From the first line to the last, reproduce the records below exactly, omitting any picture.

[Opening Source material section]

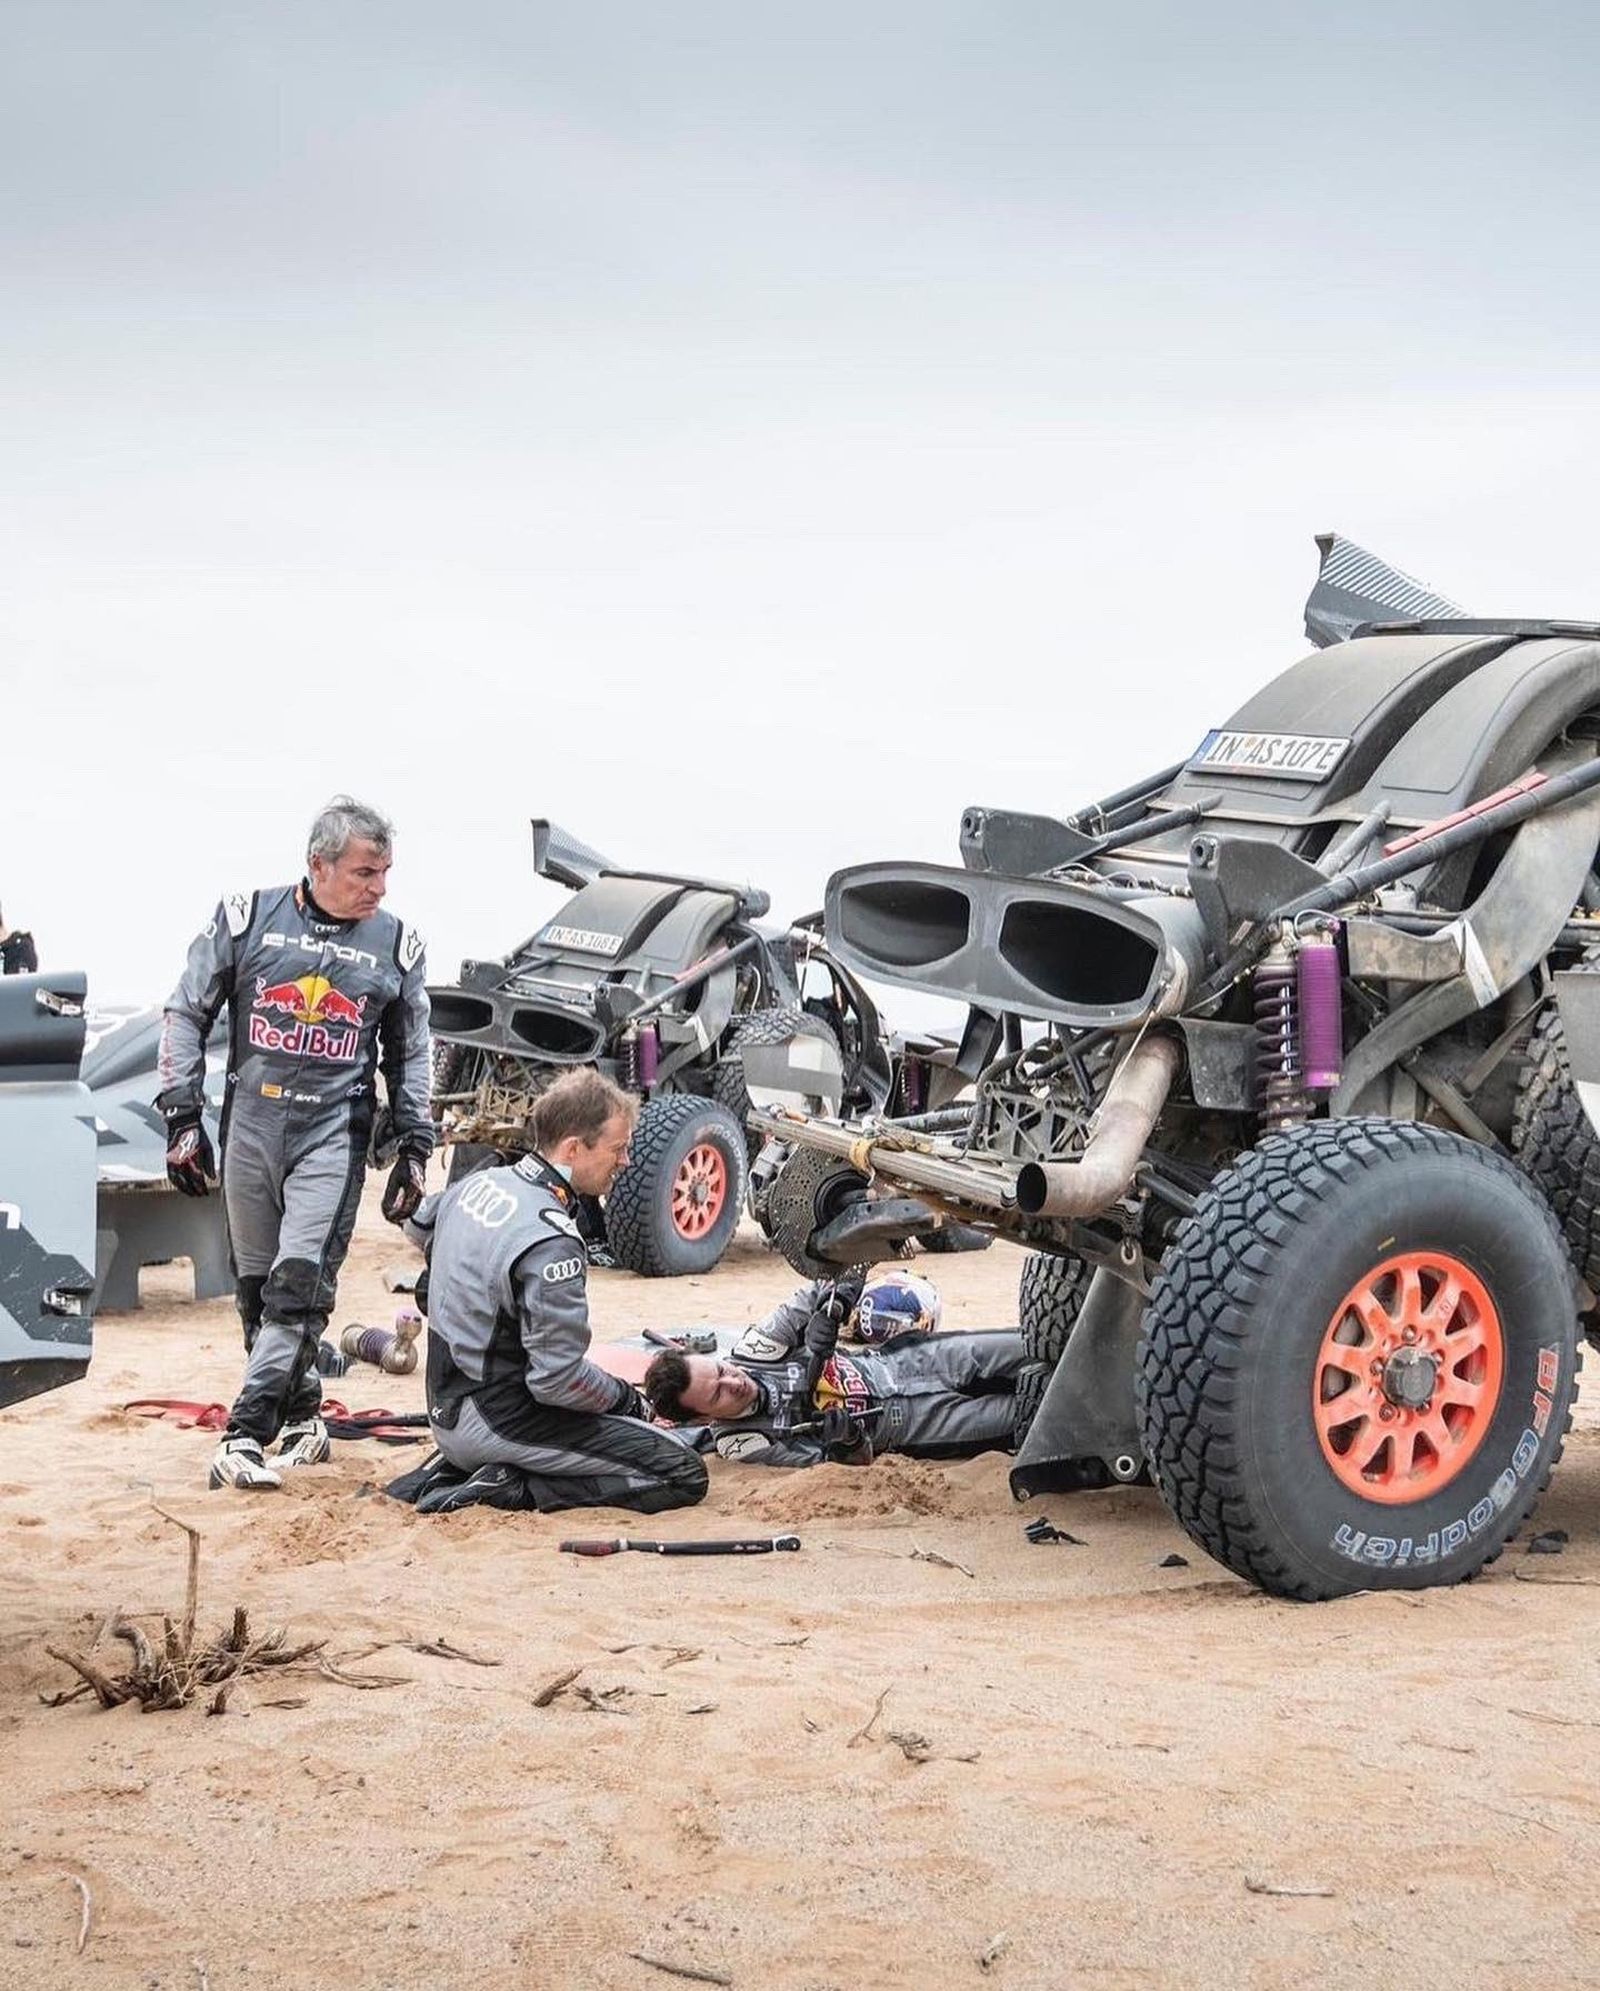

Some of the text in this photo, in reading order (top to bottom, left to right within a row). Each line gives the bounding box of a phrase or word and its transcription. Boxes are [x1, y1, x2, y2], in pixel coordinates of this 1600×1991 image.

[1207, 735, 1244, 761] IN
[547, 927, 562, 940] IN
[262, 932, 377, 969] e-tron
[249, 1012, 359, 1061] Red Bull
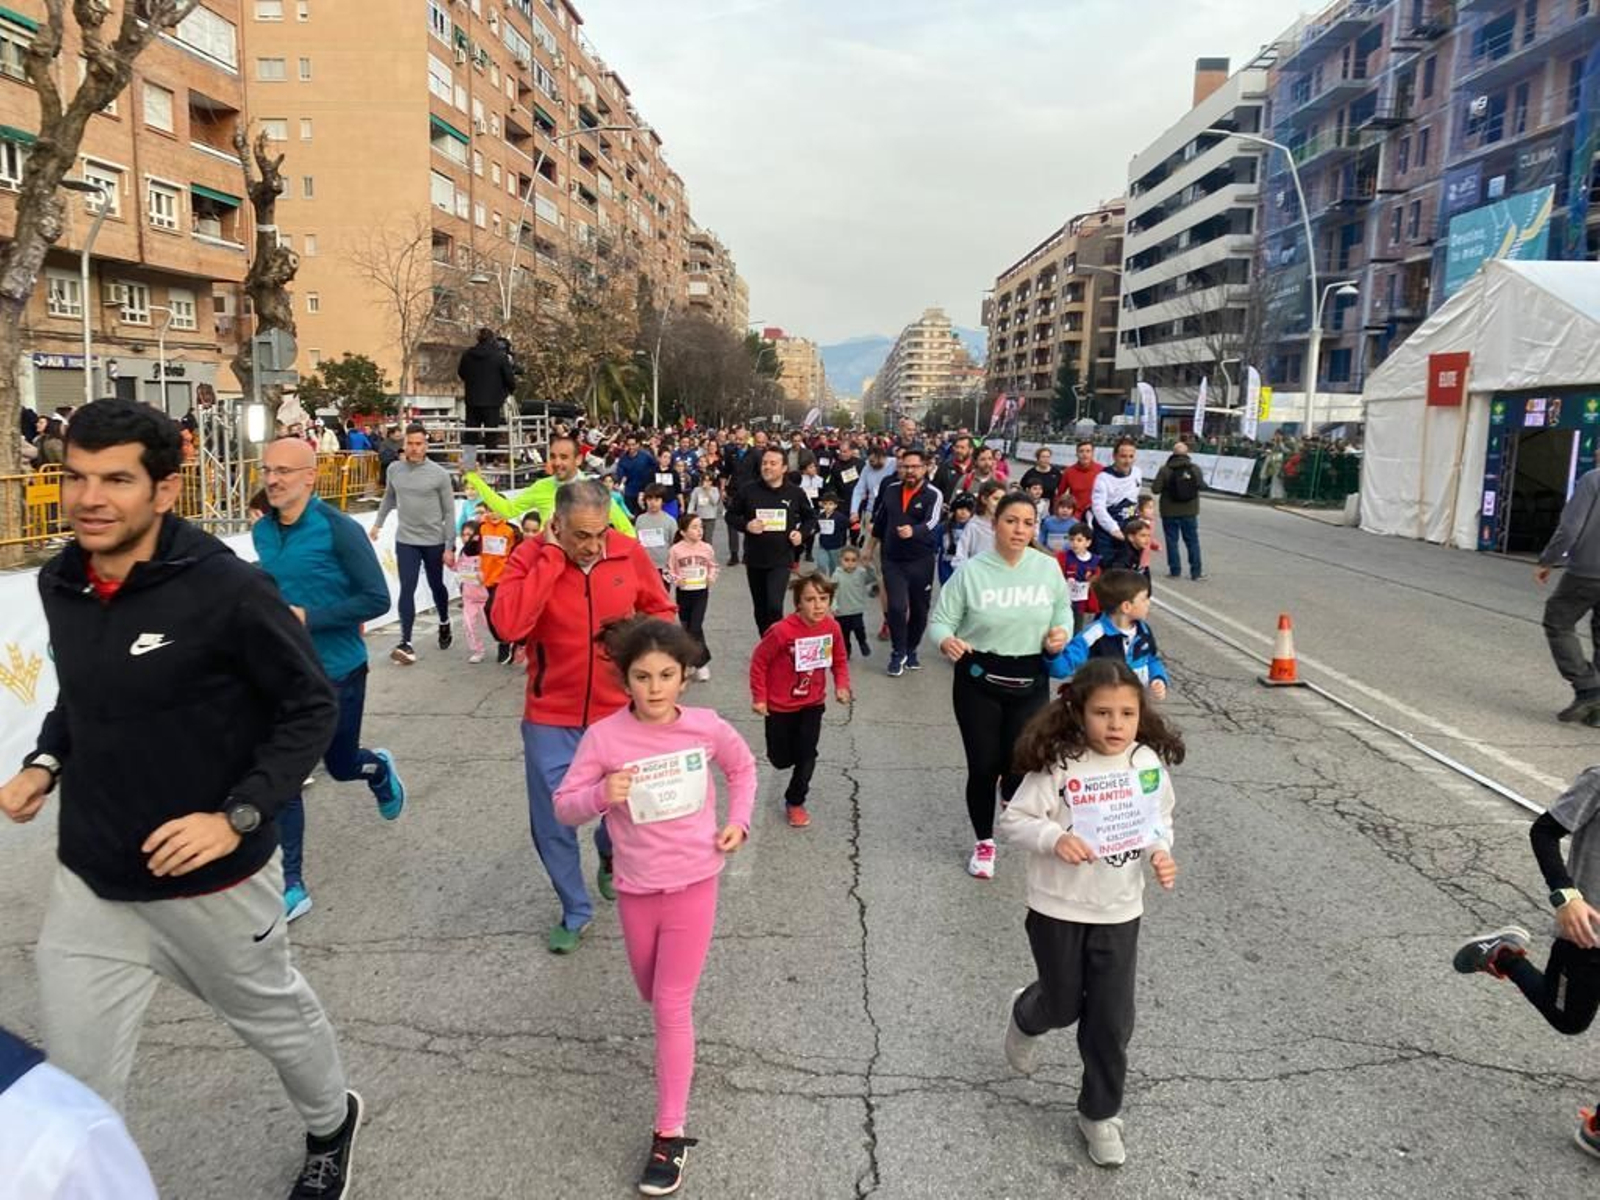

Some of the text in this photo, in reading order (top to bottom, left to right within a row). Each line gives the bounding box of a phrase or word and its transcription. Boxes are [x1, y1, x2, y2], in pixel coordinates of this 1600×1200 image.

[Closing Source material section]

Task answer
Some of the text in this photo, in reading order (top to bottom, left to right within a row). Each line gives the bounding box of a phrase or word and its transcription. Boxes are [x1, y1, x2, y2], in pixel coordinates of this 1600×1991 image.

[1207, 735, 1244, 761] IN
[547, 927, 562, 940] IN
[262, 932, 377, 969] e-tron
[249, 1012, 359, 1061] Red Bull

Some of the text in this photo, in reading order (top to bottom, left to right within a row). Each line gives the bounding box of a phrase or word and its transcription. Boxes are [x1, y1, x2, y2], in pixel coordinates of this 1600×1200 image.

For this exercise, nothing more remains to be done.